This invention addresses a significant challenge in the field of plastic resin identification and sorting, a critical issue in material recovery facilities (MRFs) and industrial plastic sorting.
Traditional methods of sorting plastic resins are often inefficient and prone to errors, leading to contamination and reduced quality of recycled materials. This technology introduces a novel AI training method specifically designed for plastic resin classification using near-infrared (NIR) spectroscopy. The approach leverages self-supervised learning and masked signal modeling (MSM) to enhance the accuracy and robustness of deep learning models in identifying various plastic resins, based on their spectral signature data.
One of the unique aspects of this technology is its integration with a rotary sorting system, which significantly improves the speed and precision of sorting operations in MRFs. By automating the resin identification process with accuracy of up to 95% and reducing reliance on manual sorting, this technology helps facilities achieve higher purity in recycled materials, addressing a critical need in the recycling industry.
The technology owner is seeking to collaborate with industry partners operating MRFs and uses a rotary sorting system to integrate and perform test-bedding of the technology.

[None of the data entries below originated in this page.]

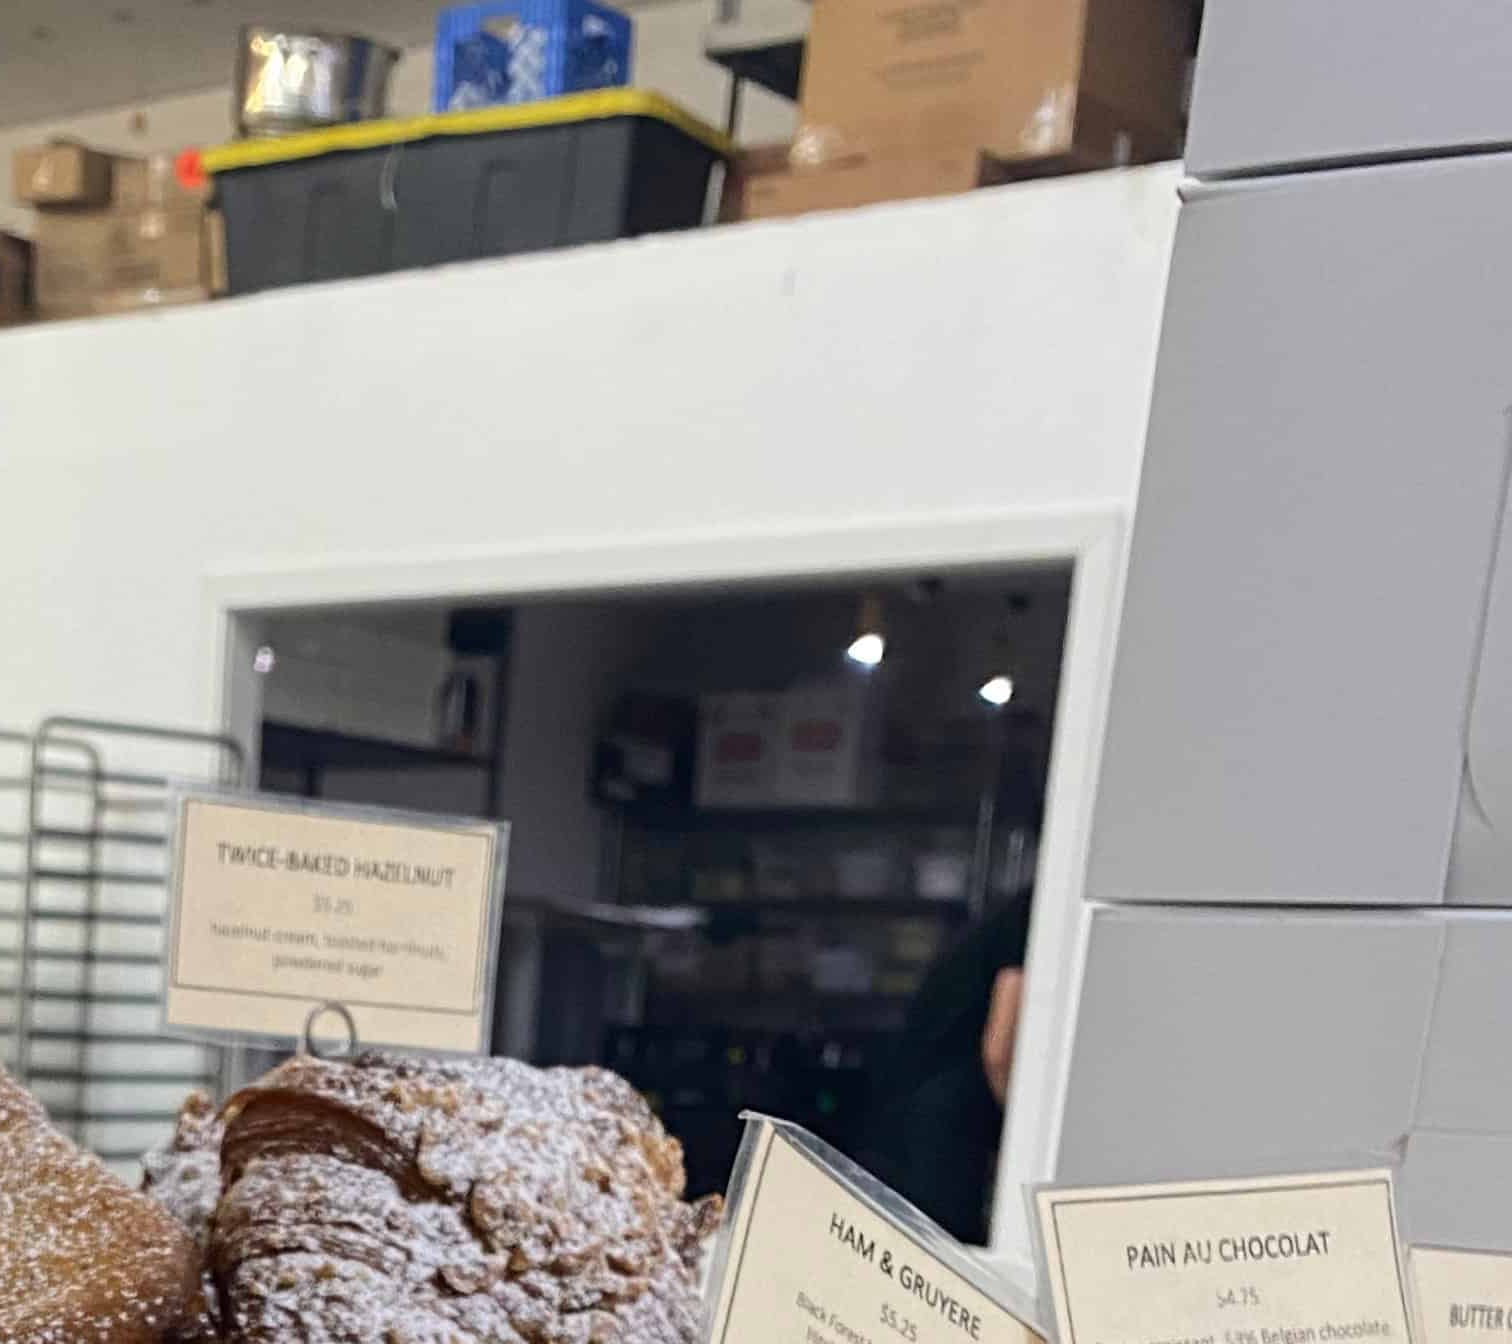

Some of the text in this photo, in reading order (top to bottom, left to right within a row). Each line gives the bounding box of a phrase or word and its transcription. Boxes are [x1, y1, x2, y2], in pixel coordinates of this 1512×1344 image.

[216, 842, 455, 889] TWICE-BAKED HAZELNUT
[1126, 1231, 1331, 1270] PAIN AU CHOCOLAT
[829, 1212, 983, 1341] HAM & GRUYERE
[1216, 1286, 1259, 1308] $4.75
[1449, 1303, 1504, 1329] BUTTER
[880, 1303, 918, 1343] $5.25
[1319, 1321, 1390, 1342] chocolate

High Accuracy: The AI model achieves over 95% accuracy in plastic resin classification, leveraging near-infrared (NIR) spectroscopy combined with deep learning techniques.

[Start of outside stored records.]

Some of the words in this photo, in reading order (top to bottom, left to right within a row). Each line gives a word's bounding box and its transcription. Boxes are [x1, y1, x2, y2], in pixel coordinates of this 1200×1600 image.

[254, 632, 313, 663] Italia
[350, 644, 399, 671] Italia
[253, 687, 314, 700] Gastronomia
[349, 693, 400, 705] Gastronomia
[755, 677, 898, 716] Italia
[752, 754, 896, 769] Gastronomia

Modular and Scalable Design: The system's modular, stackable design allows easy integration into existing facilities and scalable expansion, from small local MRFs to large industrial plastic sorting plants. It can be combined with robotic arms or human-operated stations, offering a flexible, customised solution that adapts to specific operational needs.
Real-Time, High-Speed Sorting: The integration of a rotary sorting system enables real-time processing, handling up to 2 plastic samples in 1 second. This speed and efficiency surpasses traditional conveyor-based systems, making it ideal for large-scale operations.
Energy Efficiency and Cost Reduction: This rotary system is energy-efficient, reducing operational costs by up to 30% compared to conventional methods. Its low maintenance requirements further minimise downtime, making it a cost-effective long-term solution.
Sustainability Impact: By improving sorting accuracy and efficiency, the technology supports sustainable recycling practices and reduces the environmental footprint of plastic waste management.
It is estimated that by 2025, the global market for machine vision technologies to improve material sorting process will reach a value of US$1.5 billion, with a compound annual growth rate (CAGR) of 25% between 2020 and 2025 – Picvisa.
Utilising advanced AI models trained with near-infrared (NIR) spectroscopy and incorporating self-supervised learning with masked signal modeling (MSM), this technology achieves over 95% accuracy in resin classification. This precision surpasses existing methods, reducing contamination and improving the purity of recycled materials.